First some background, so I can talk about it more easily:
Socrates was kind of a problem. Prior to his lifetime, Greek life was relatively straightforward. Gods told you what was right and wrong in an unabashedly arbitrary manner. In obeying one, you were almost certain to piss off another, and it would probably bite you at some point. But that was how things worked: You picked your allegiance and listened to one of many conflicting branches of morality that were determined by various gods in the sky (or people who spoke for them). That was virtue.
Kinda like with modern religions, or any system presented to govern human behavior, like laws.
Socrates came in and started asking questions, encouraging people to think about their points of view and form their own moral conscience, divorced from the arbitrariness of the prior system. He corrupted the youth by encouraging them to think and make up their own minds about the nature of right and wrong, rather than blindly following any of the accepted, previously extant paths.
So they killed him, quite logically, for blasphemy.
Plato wrote about Socrates' defense against these charges in The Apology. Within it, you can find him speaking of his daemon:
"I have a divine or spiritual sign which Meletus has ridiculed in his deposition. This began when I was a child.
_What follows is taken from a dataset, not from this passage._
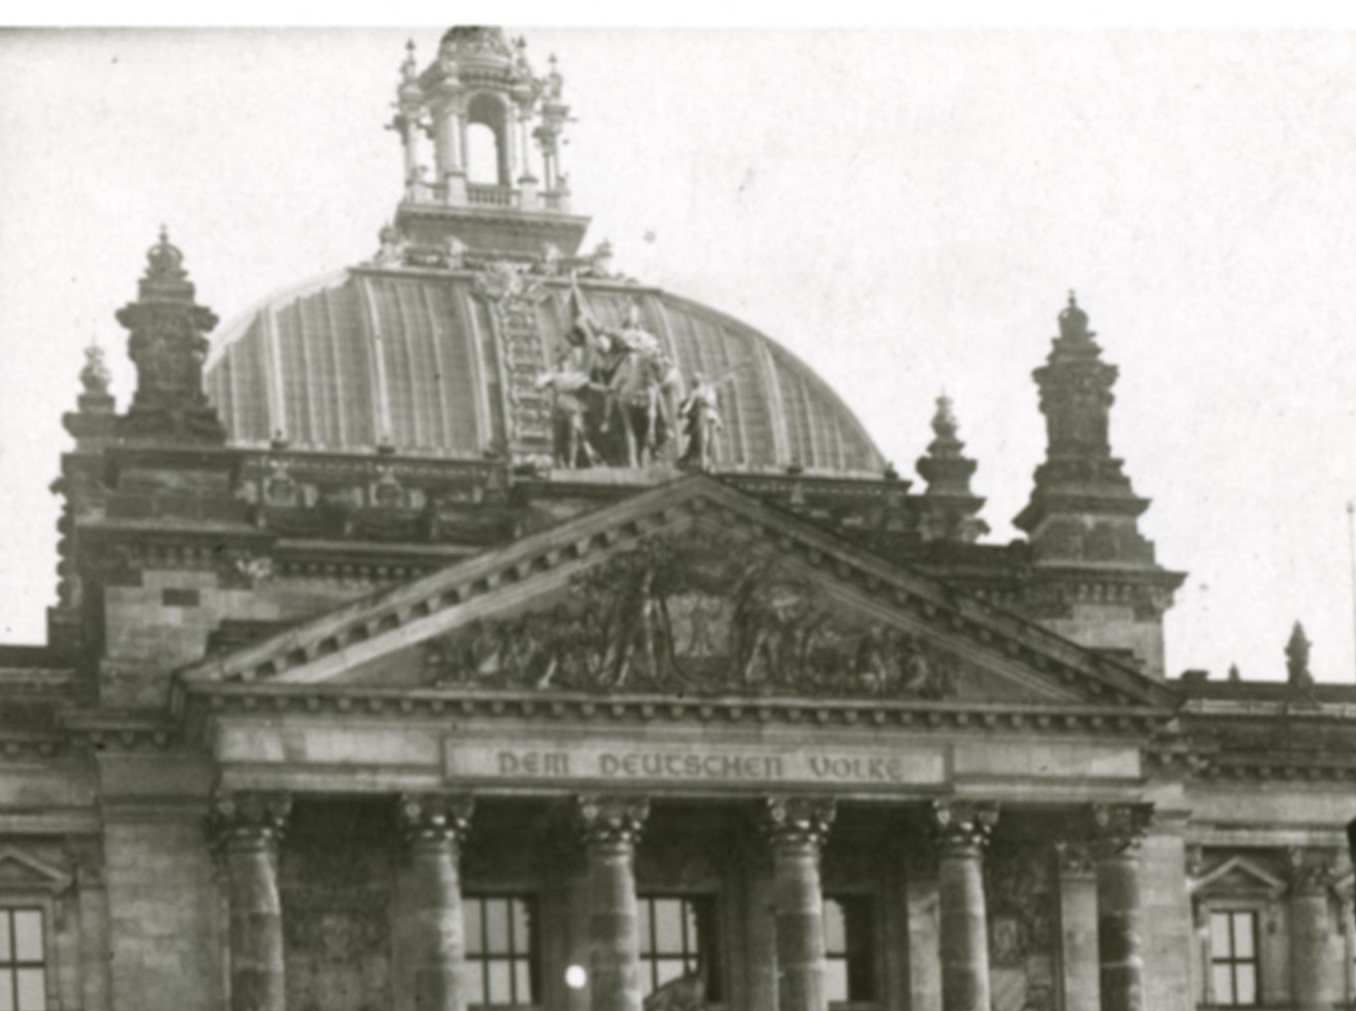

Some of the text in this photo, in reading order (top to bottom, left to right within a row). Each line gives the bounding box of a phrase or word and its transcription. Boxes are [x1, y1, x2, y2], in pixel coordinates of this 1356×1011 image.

It is a voice, and whenever it speaks it turns me away from something I am about to do, but it never encourages me to do anything." (31d)
And later:
"At all previous times my familiar prophetic power, my spiritual manifestation, frequently opposed me, even in small matters, when I was about to do something wrong" (40a)
And again:
"it is impossible that my familiar sign did not oppose me if I was not about to do what was right." (40c)
Calling it a conscience is, in my opinion, modernizing the concept too much, but it is essentially an internal, inborn voice that allows someone to perform behaviors that are just, right, and beneficial, by dissuading destructive or even incidentally harmful actions.
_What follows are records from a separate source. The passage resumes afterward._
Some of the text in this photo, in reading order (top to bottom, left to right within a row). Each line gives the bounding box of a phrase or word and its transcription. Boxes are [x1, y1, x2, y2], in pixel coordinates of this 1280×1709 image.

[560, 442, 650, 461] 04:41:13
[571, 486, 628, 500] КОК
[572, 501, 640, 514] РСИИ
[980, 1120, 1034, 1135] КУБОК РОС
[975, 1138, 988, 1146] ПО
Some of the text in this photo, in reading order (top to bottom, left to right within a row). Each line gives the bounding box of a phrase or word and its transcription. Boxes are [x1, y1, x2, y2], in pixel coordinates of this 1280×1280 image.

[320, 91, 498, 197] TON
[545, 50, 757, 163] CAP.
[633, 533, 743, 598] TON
In light of all of that, I think this song is being written from a literal arsonist's perspective.
The first verse very clearly references a Socratic daemon. A voice that sang of good things and works, and screamed at bad ones, but still allowed the child to choose to do whatever he liked. It was just a warning.
Unlike for Socrates, that voice died for the speaker. Without the ability to distinguish between right and wrong, he could not genuinely choose to perform either right or wrong actions. (It's demonstrably absurd to imagine that a man can choose to Do Good when he has no way of seeing what Good is.) He was, instead, compelled by whatever moved him most.
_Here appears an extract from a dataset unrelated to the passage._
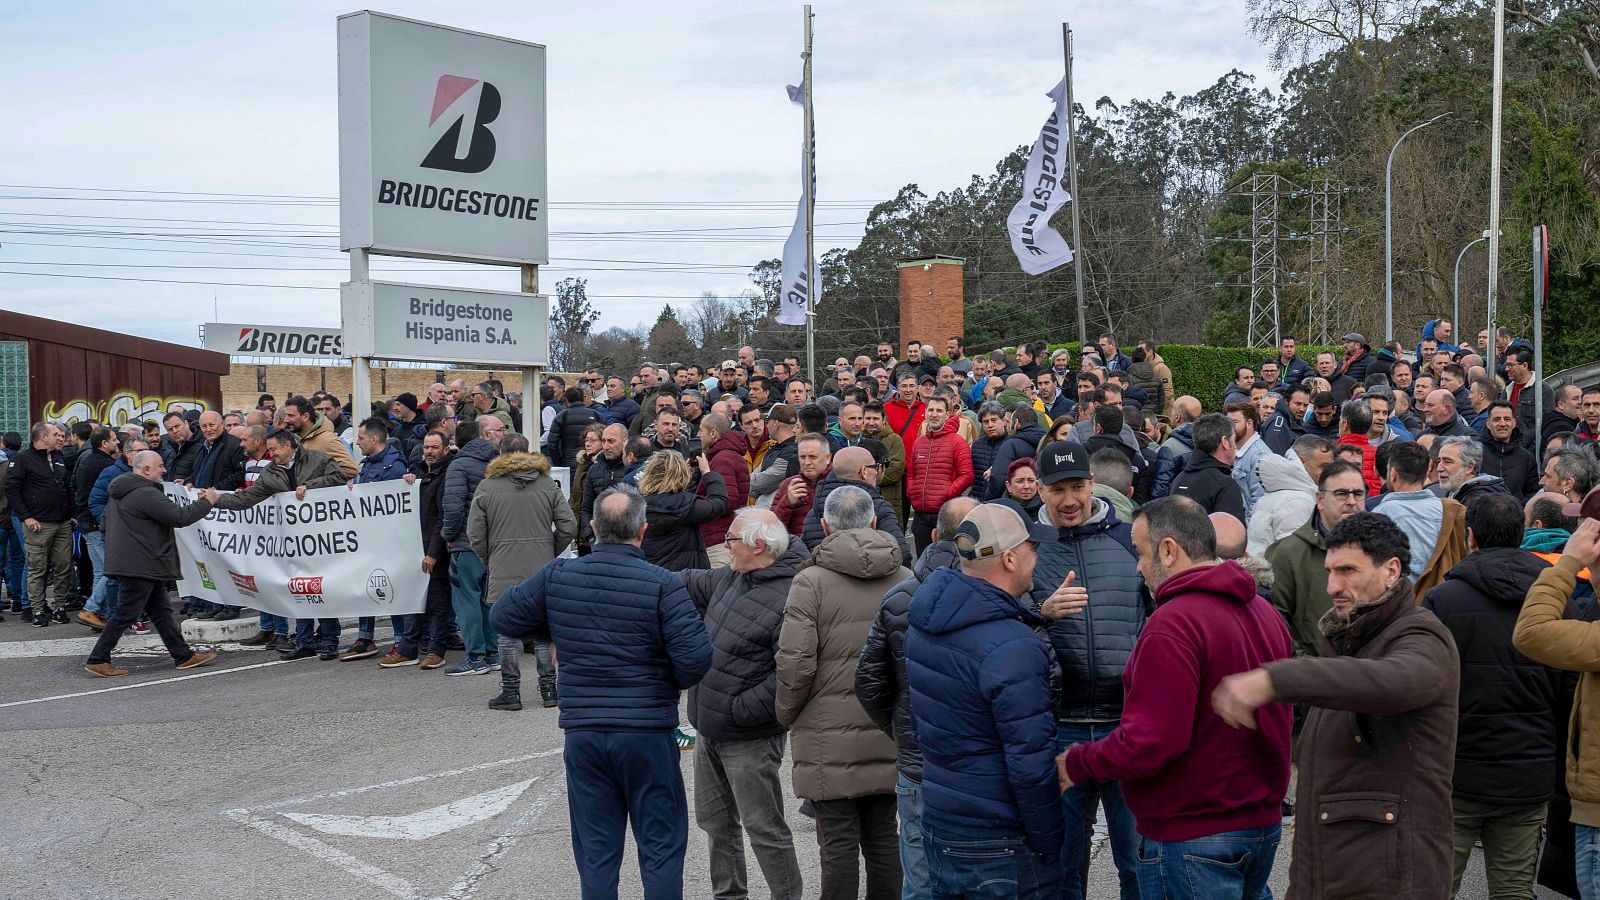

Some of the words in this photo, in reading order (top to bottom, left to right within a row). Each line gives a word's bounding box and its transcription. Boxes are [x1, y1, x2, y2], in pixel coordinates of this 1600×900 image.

The second verse introduces what moved him most: Fire.
This could've been anything, but I find the choice especially interesting given that fire is the fundamental foundation of society (just like Socrates is the foundation of Western philosophy and even, to a large degree, religion). Human beings have always gathered around it, watched it burn, exchanged stories next to it. And that's not even mentioning the practical benefits of facilitating warmth, light, and cooked food.
It's actually a sensible choice of worship, a decent barometer for right and wrong, in spite of its ability to destroy.
The third verse is interesting, and harder in a lot of ways.
Gasoline, obviously, accelerates a fire, and an arsonist would use it to light other things on fire. In this case, he mistakenly thinks the gasoline is on him. This could be implying two different things: First, that he fears he's going to light himself on fire, destroy himself. Second, that he mistakenly think others would be able to smell the gasoline and discover he's a criminal. Maybe both are intended.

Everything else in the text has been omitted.